What types of case require a forensic accountant?

Forensic accountants are instructed across a wide range of proceedings in England and Wales. The most common are matrimonial finance, commercial litigation, HMRC investigations, POCA confiscation, and insurance disputes, but there are several other areas where forensic accounting expertise is routinely needed.

In matrimonial finance proceedings, the forensic accountant is typically instructed to value a business or professional practice, to reconstruct a spouse's true income where self-employment income is disputed, to trace assets through complex corporate structures where hidden assets are alleged, or to produce a Form E analysis identifying discrepancies between the declared financial position and the pattern of family expenditure. The Family Court has a well-developed practice for expert evidence in financial remedy proceedings, and a forensic accountant instructed in this jurisdiction must comply with the Family Procedure Rules as well as the general CPR Part 35 requirements.

In commercial litigation, forensic accountants are instructed to quantify financial loss in breach of contract claims, partnership disputes, shareholder disputes under the Companies Act 2006 unfair prejudice jurisdiction, professional negligence claims against accountants or financial advisers, and fraud claims. The issues vary widely: in a partnership dispute the key question may be the accurate allocation of drawings and profits over a ten-year period; in a professional negligence claim the question may be the loss attributable to an incorrect tax return or negligent financial advice.

In HMRC investigations, a forensic accountant assists the taxpayer in responding to HMRC's enquiries, challenges any discovery assessment on the basis of the available records, and if necessary produces an expert report for Tax Tribunal proceedings. In Code of Practice 9 cases alleging deliberate fraud, the forensic accountant's involvement from the earliest stage of the Contractual Disclosure Facility process is critical to achieving a satisfactory outcome.

In Proceeds of Crime Act proceedings, the prosecution and defence each instruct forensic accountants to address the criminal benefit calculation, the available amount, and the value of any tainted gifts. Third-party interest holders, such as spouses or business partners, require their own forensic accounting evidence to establish the legitimacy of their interest in assets subject to a confiscation order.

Insurance disputes, particularly business interruption claims and professional indemnity claims, frequently require forensic accounting evidence on the quantum of loss. Personal injury litigation may require a forensic accountant to calculate loss of earnings where the claimant is self-employed or runs a business, and the calculation requires analysis of the pre-accident business accounts rather than a simple payslip-based calculation. See our service pages for matrimonial finance, HMRC investigations, POCA confiscation, and business interruption for how we approach each of these instruction types.

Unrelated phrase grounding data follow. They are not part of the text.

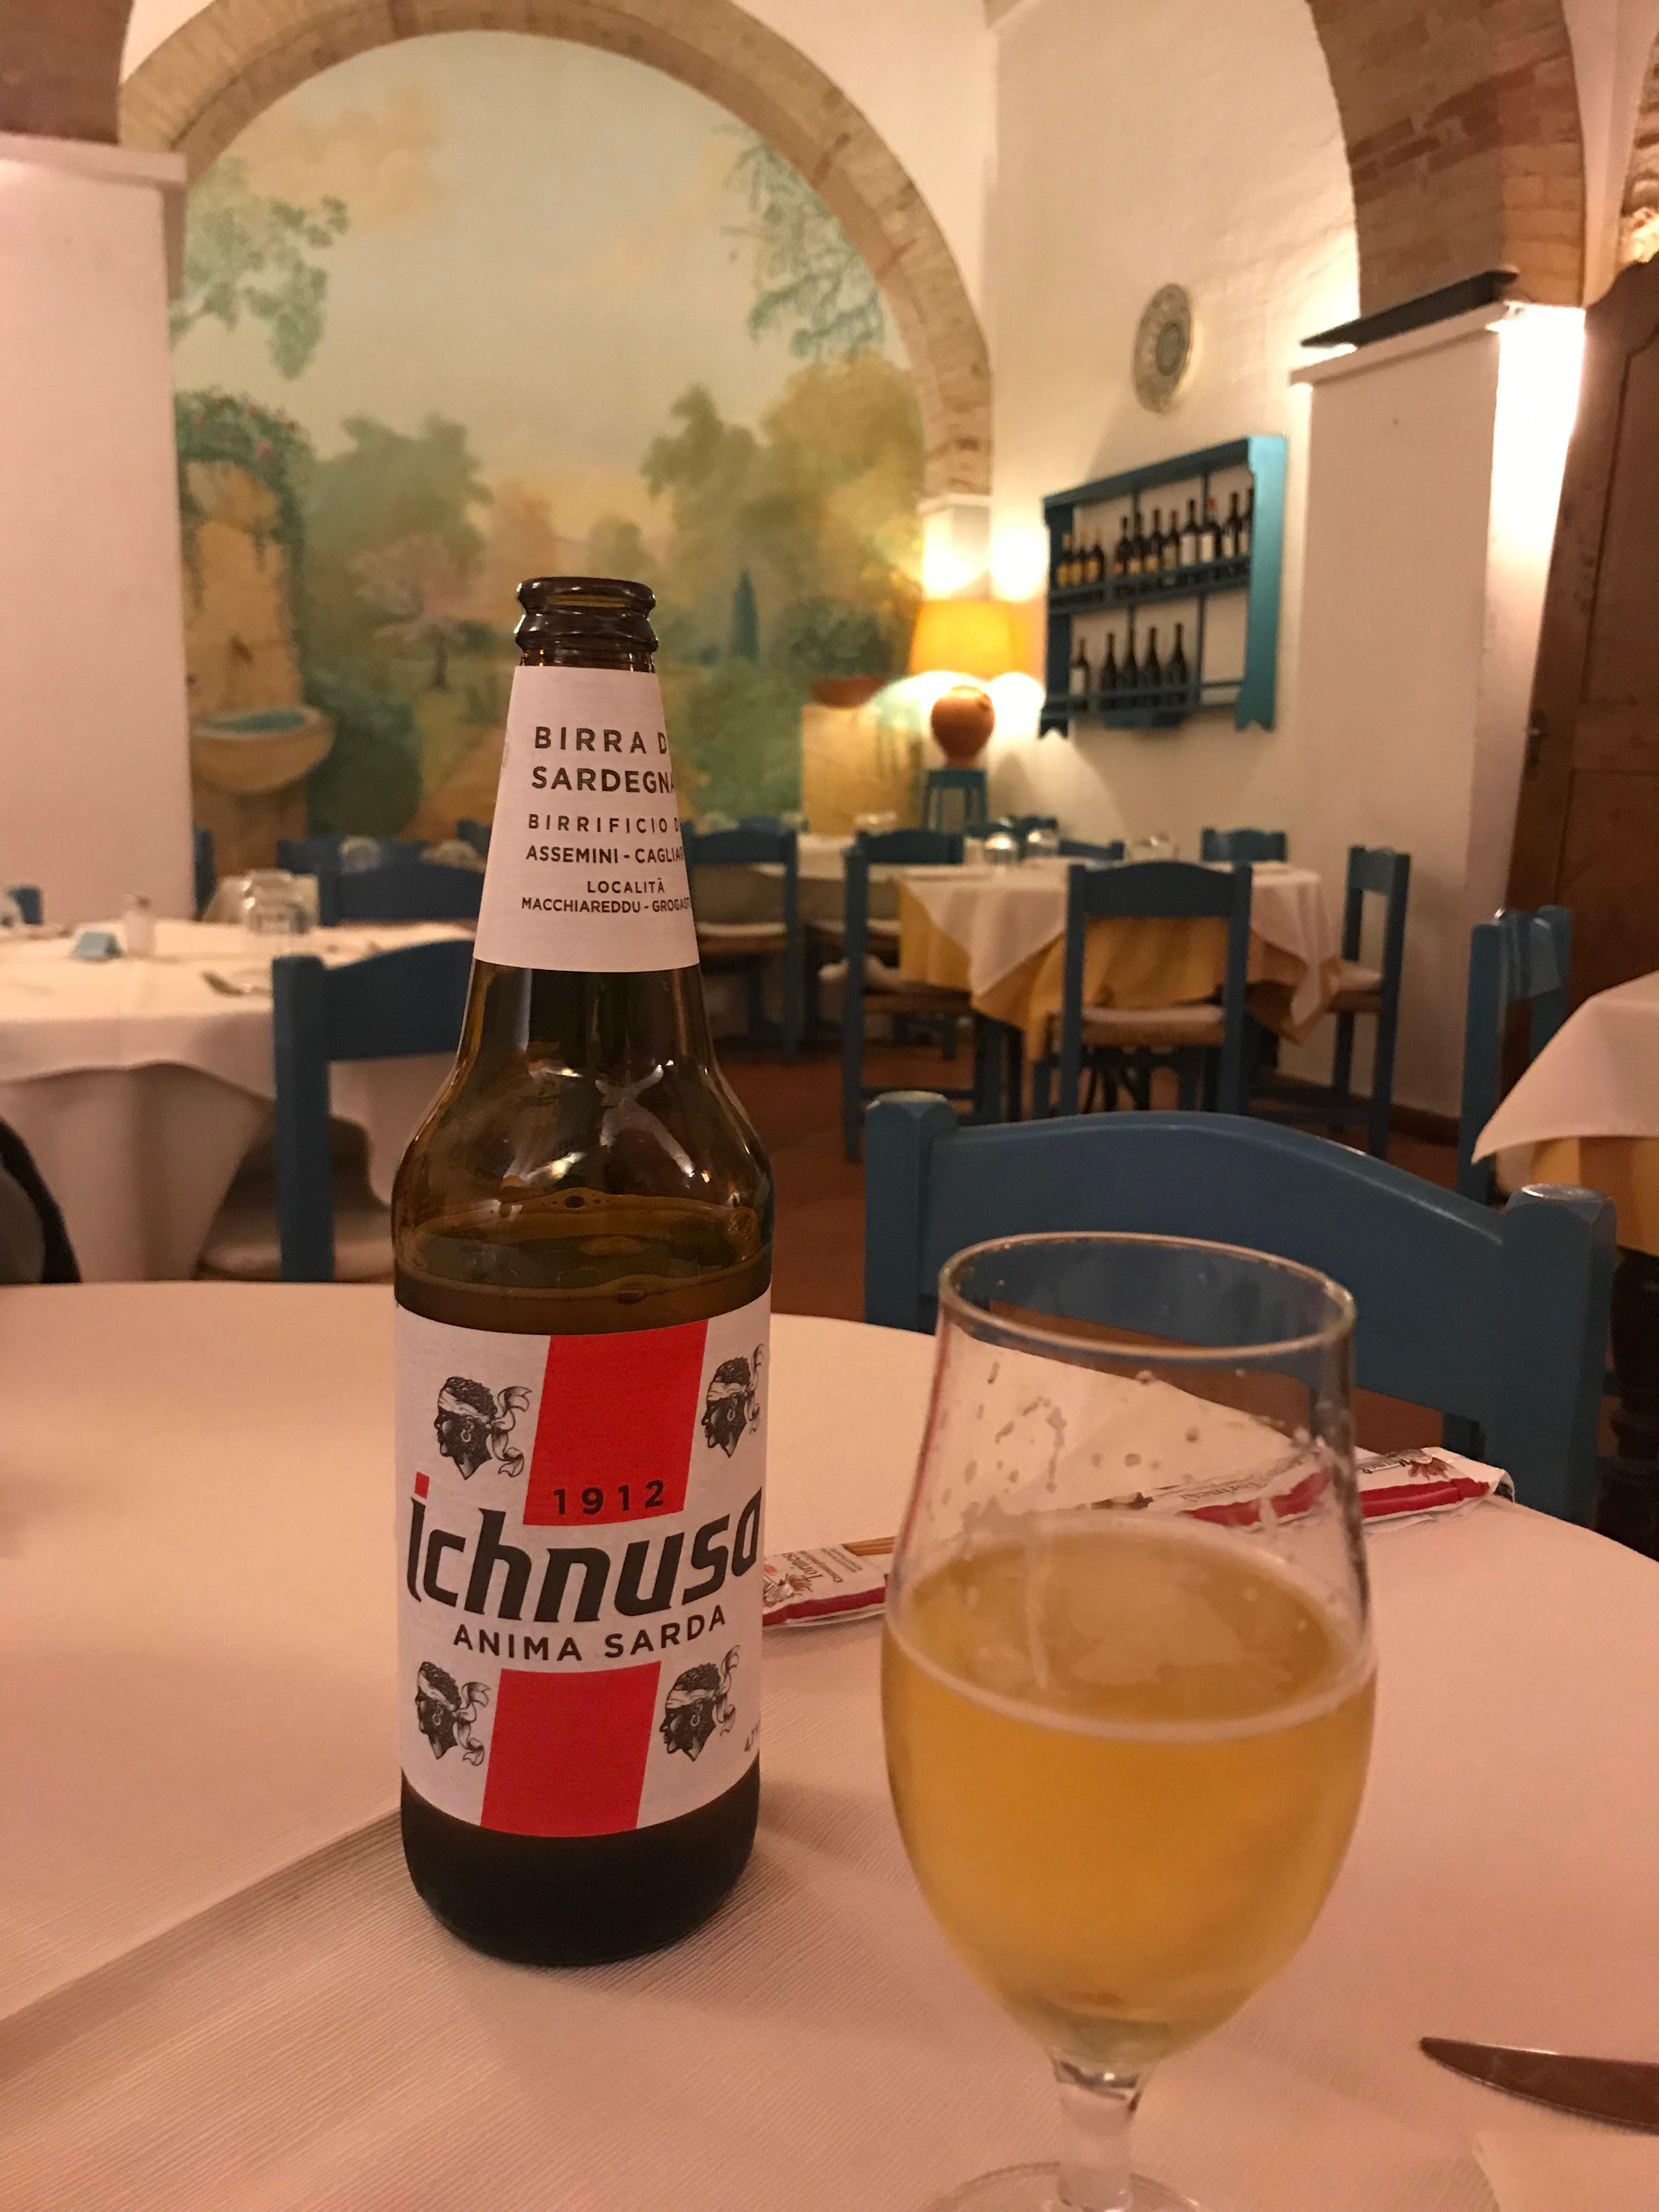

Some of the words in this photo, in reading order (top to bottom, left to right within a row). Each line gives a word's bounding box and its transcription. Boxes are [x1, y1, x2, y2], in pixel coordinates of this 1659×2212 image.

[535, 726, 646, 754] BIRRA
[528, 814, 668, 833] BIRRIFICIO
[526, 845, 618, 864] ASSEMINI
[587, 877, 665, 894] LOCALITÀ
[522, 897, 641, 913] MACCHIAREDDU
[554, 1480, 665, 1515] 1912
[407, 1471, 763, 1622] ichnusa
[453, 1624, 583, 1661] ANIMA
[605, 1604, 726, 1659] SARDA

What qualifications should a forensic accountant hold?

A forensic accountant instructed in England and Wales should hold one or more of the following professional qualifications: ICAEW Accredited Forensic Accountant, Fellow of the Association of Chartered Certified Accountants (FCCA), or Associate Chartered Accountant (ACA). The ICAEW forensic accountant accreditation is the most specific qualification for this work: it is not held by all ICAEW members and requires additional specialist training and assessment beyond the standard chartered accountancy qualification.

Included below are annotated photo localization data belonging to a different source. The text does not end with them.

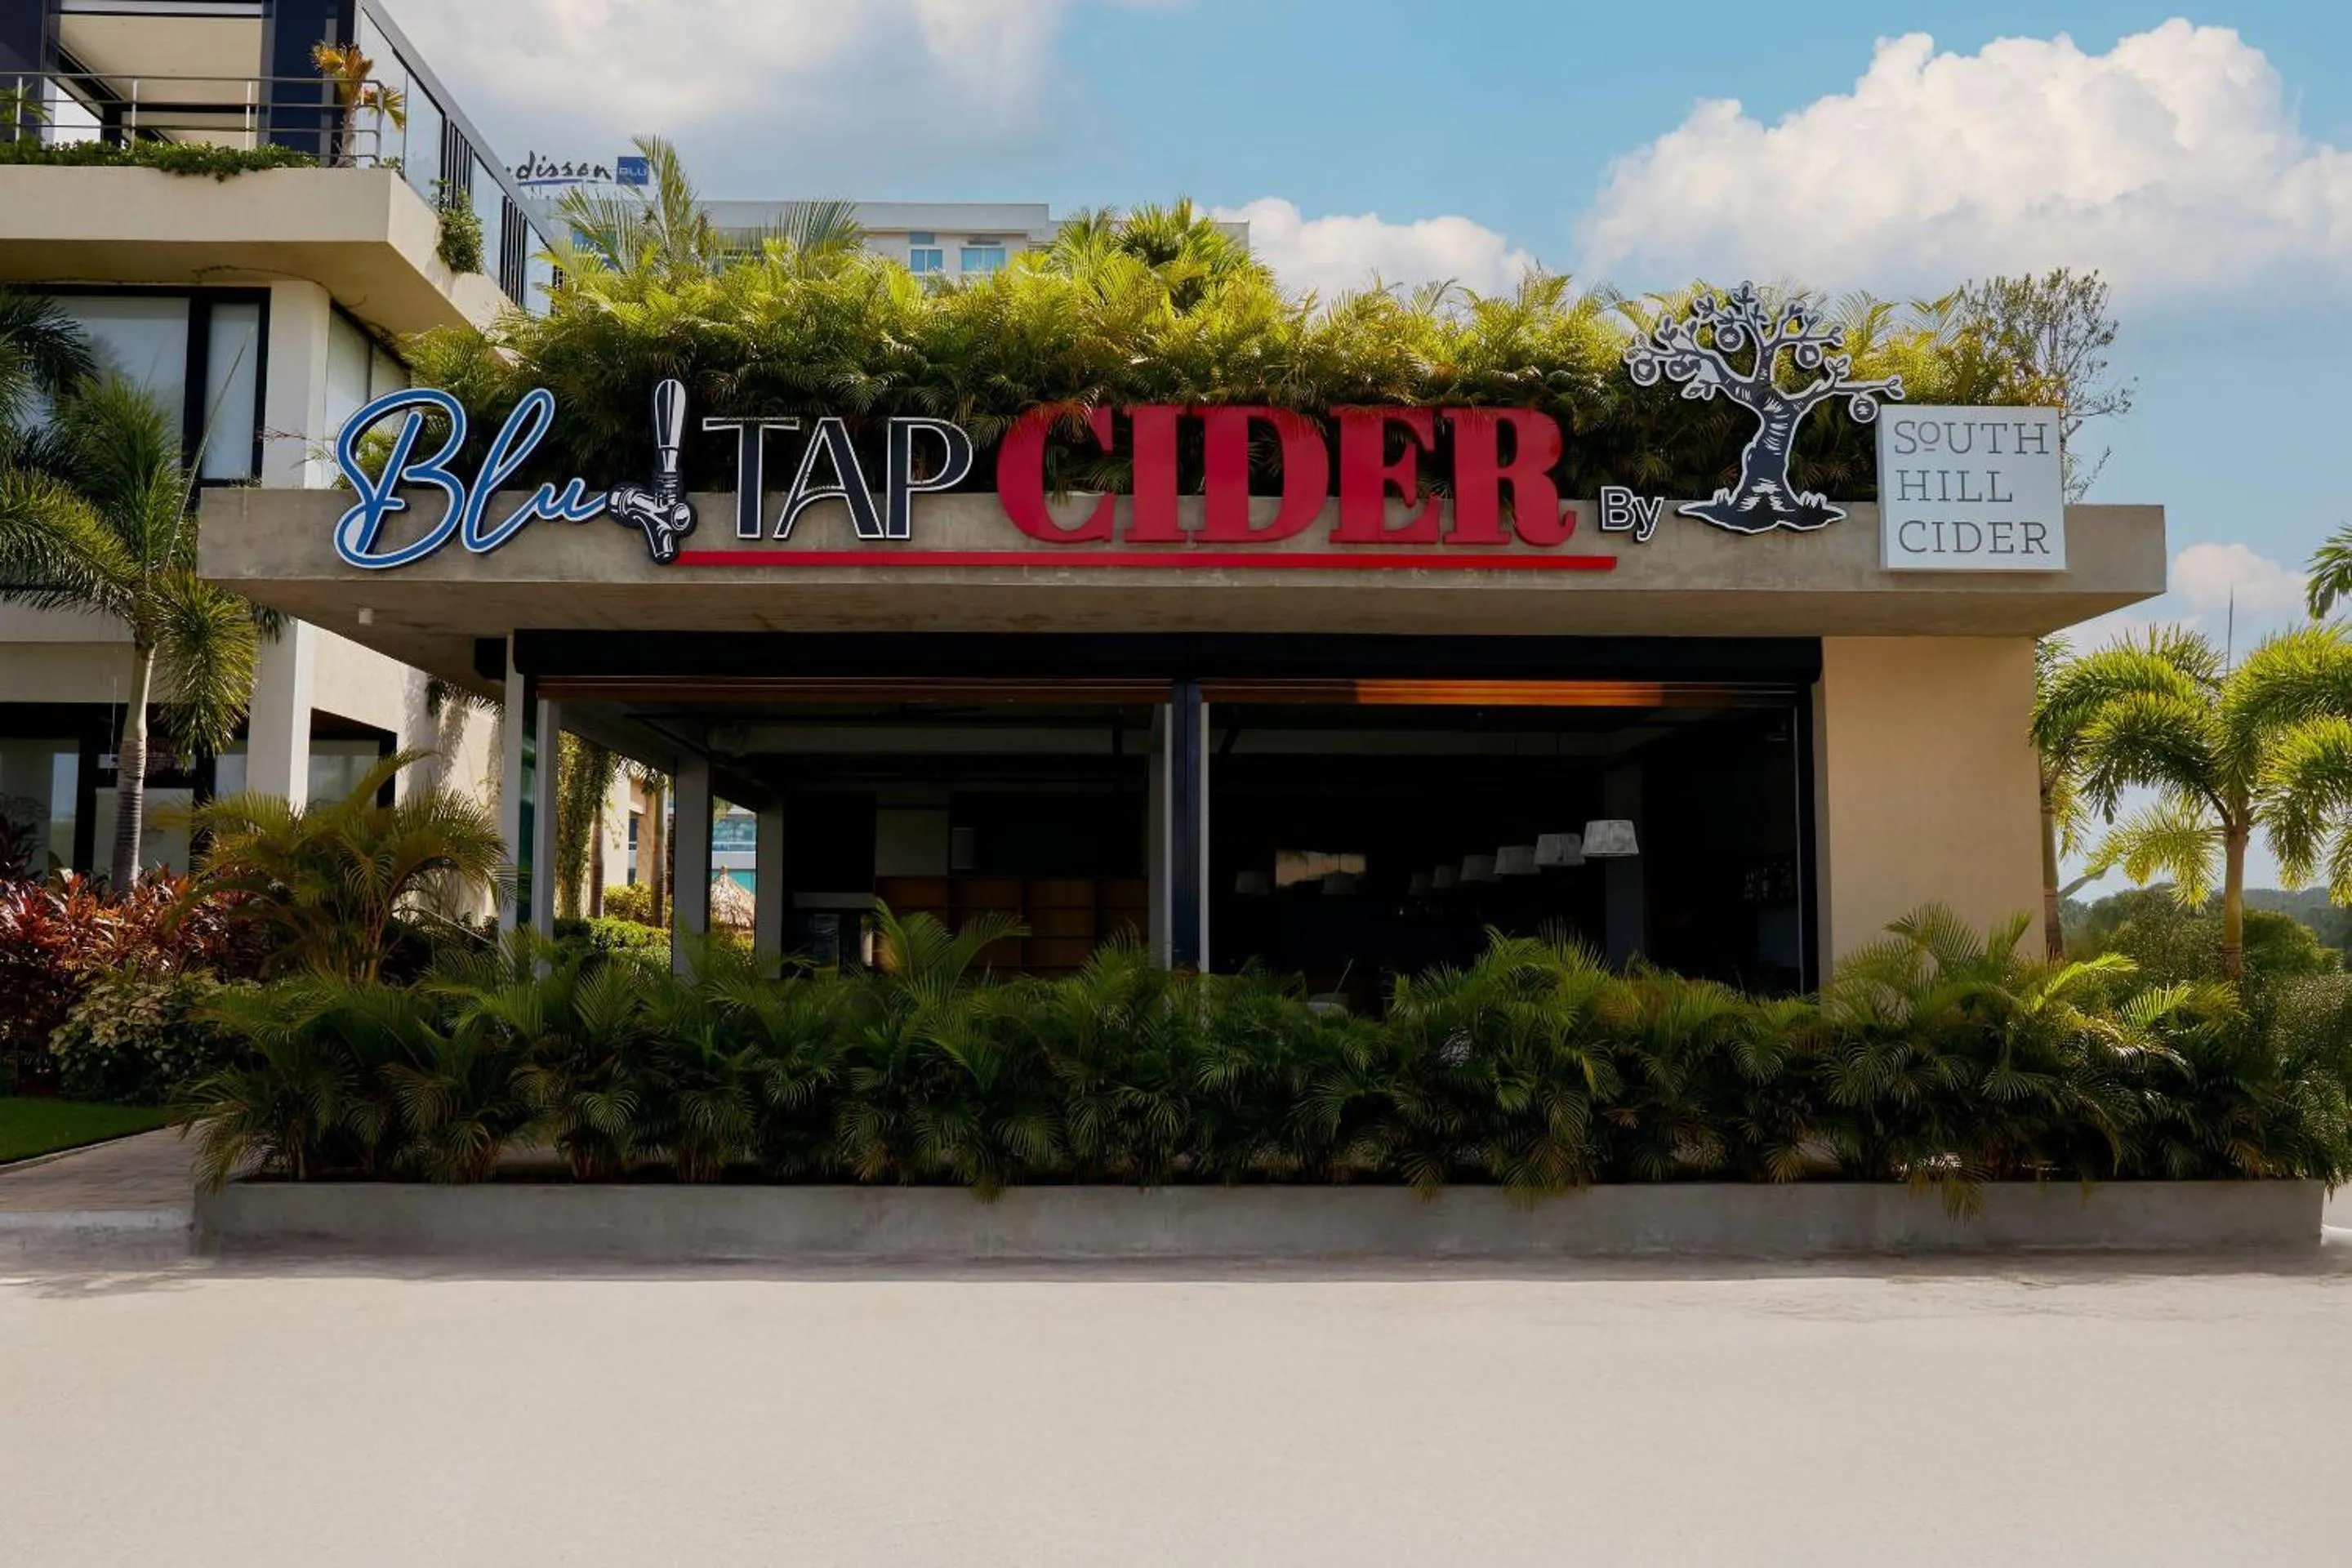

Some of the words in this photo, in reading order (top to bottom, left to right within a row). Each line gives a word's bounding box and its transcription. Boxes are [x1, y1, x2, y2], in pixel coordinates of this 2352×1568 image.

[506, 150, 612, 179] disson
[334, 387, 607, 569] Blu
[702, 416, 974, 541] TAP
[996, 404, 1577, 546] CIDER
[1601, 485, 1664, 541] By
[1895, 470, 2013, 502] HILL
[1898, 519, 2051, 554] CIDER

In addition to the underlying accountancy qualification, a forensic accountant acting as an expert witness in civil or family proceedings must be CPR Part 35 compliant. This means they must have completed training on the expert witness duties under CPR Part 35 and Practice Direction 35, and they must understand that their overriding duty is to the court, not to the party who instructs and pays them. Not all forensic accountants have done this training; solicitors should confirm compliance with CPR Part 35 requirements before instructing.

An ICAEW or ACCA practising certificate is required for any forensic accountant in public practice. Professional indemnity insurance is mandatory. Solicitors should request confirmation of both the practising certificate and PI insurance cover at the instruction stage, particularly for high-value expert appointments where the risk of a PI claim following an adverse report is a practical consideration.

Bharat Varsani FCCA holds ICAEW forensic accountant accreditation and CPR Part 35 expert witness compliance training, and has conducted over 150 instructions across matrimonial finance, HMRC investigations, POCA confiscation proceedings, business interruption, and dental practice forensic accounting.

What is a CPR Part 35 expert witness and why does it matter?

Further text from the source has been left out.